Caveats: I used the Let’s Encrypt staging not production service; I port-forward the service locally rather than expose it publicly to test the result. When I have time, I’ll address both of these limitations.
Update 18–05–17
The post now describes the solution 4-ways:
- Self-signed certs
- Network Load-Balancer w/ TLS backend
- HTTPS Load-Balancer w/ non-TLS backend
- HTTPS Load-Balancer w/ TLS backend.
Setup
Grab yourself a fresh Kubernetes (Engine) and authenticate to it. Give yourself too-broad (**don’t do this for anything other than personal development/testing**) RBAC creds:
PROJECT=[[YOUR-PROJECT]]
REGION=[[YOUR-REGION]]
CLUSTER=[[YOUR-CLUSTER]]
BILLING=[[YOUR-BILLING]]
LATEST=[[SEE-NOTE-BELOW]]gcloud projects create $PROJECT
gcloud beta billing projects link $PROJECT \
--billing-account=$BILLINGgcloud services enable container.googleapis.com \
--project=$PROJECTgcloud beta container clusters create $CLUSTER \
--username="" \
--cluster-version=${LATEST} \
--machine-type=custom-1-4096 \
--image-type=COS \
--num-nodes=1 \
--enable-autorepair \
--enable-autoscaling \
--enable-autoupgrade \
--enable-cloud-logging \
--enable-cloud-monitoring \
--min-nodes=1 \
--max-nodes=2 \
--region=${REGION} \
--project=${PROJECT} \
--preemptible \
--scopes="https://www.googleapis.com/auth/cloud-platform"gcloud beta container clusters get-credentials $CLUSTER \
--project=${PROJECT} \
--region=${REGION}kubectl create clusterrolebinding $(whoami)-cluster-admin-binding \
--clusterrole=cluster-admin \
--user=$(gcloud config get-value account)

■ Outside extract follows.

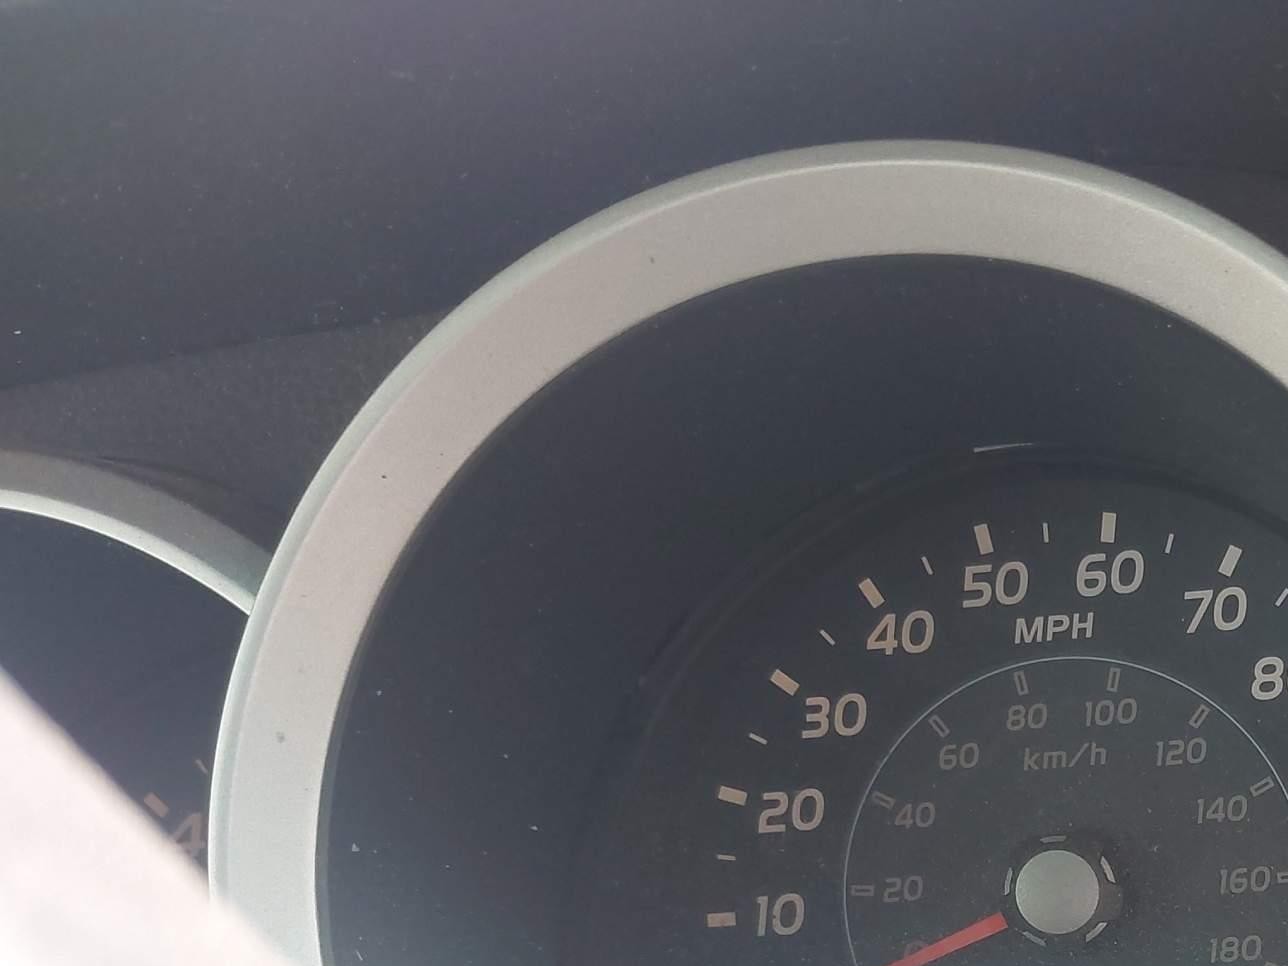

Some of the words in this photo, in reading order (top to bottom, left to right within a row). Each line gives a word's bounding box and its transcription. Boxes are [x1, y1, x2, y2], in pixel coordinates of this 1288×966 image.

NB I wrote recently about ways to automate the determination of the most recent (or latest) master|node versions. Use your preferred version or check out the 3 ways described in that post to determine the value of
${LATEST}
.
Make a copy of Ross’ Golang code or — if you’re comfortable doing so — use his Docker image (rosskukulinski/secure-go-app
). I’ve not used his image and cannot attest to it. Or, if you’re comfortable doing so, grab my Docker image (dazwilkin/securego
).
NB Ross’ image uses port
443
whereas mine uses8443
which is just a preference.
Self-signed Cert
I like Ross’ approach. He builds incrementally. Customarily, I would run the code locally, then locally but containerized, then deployed to Kubernetes. But, let’s cut to the chase and leave that for your homework. I recommend, if you do, that you consider parameterizing the location of the cert and the key.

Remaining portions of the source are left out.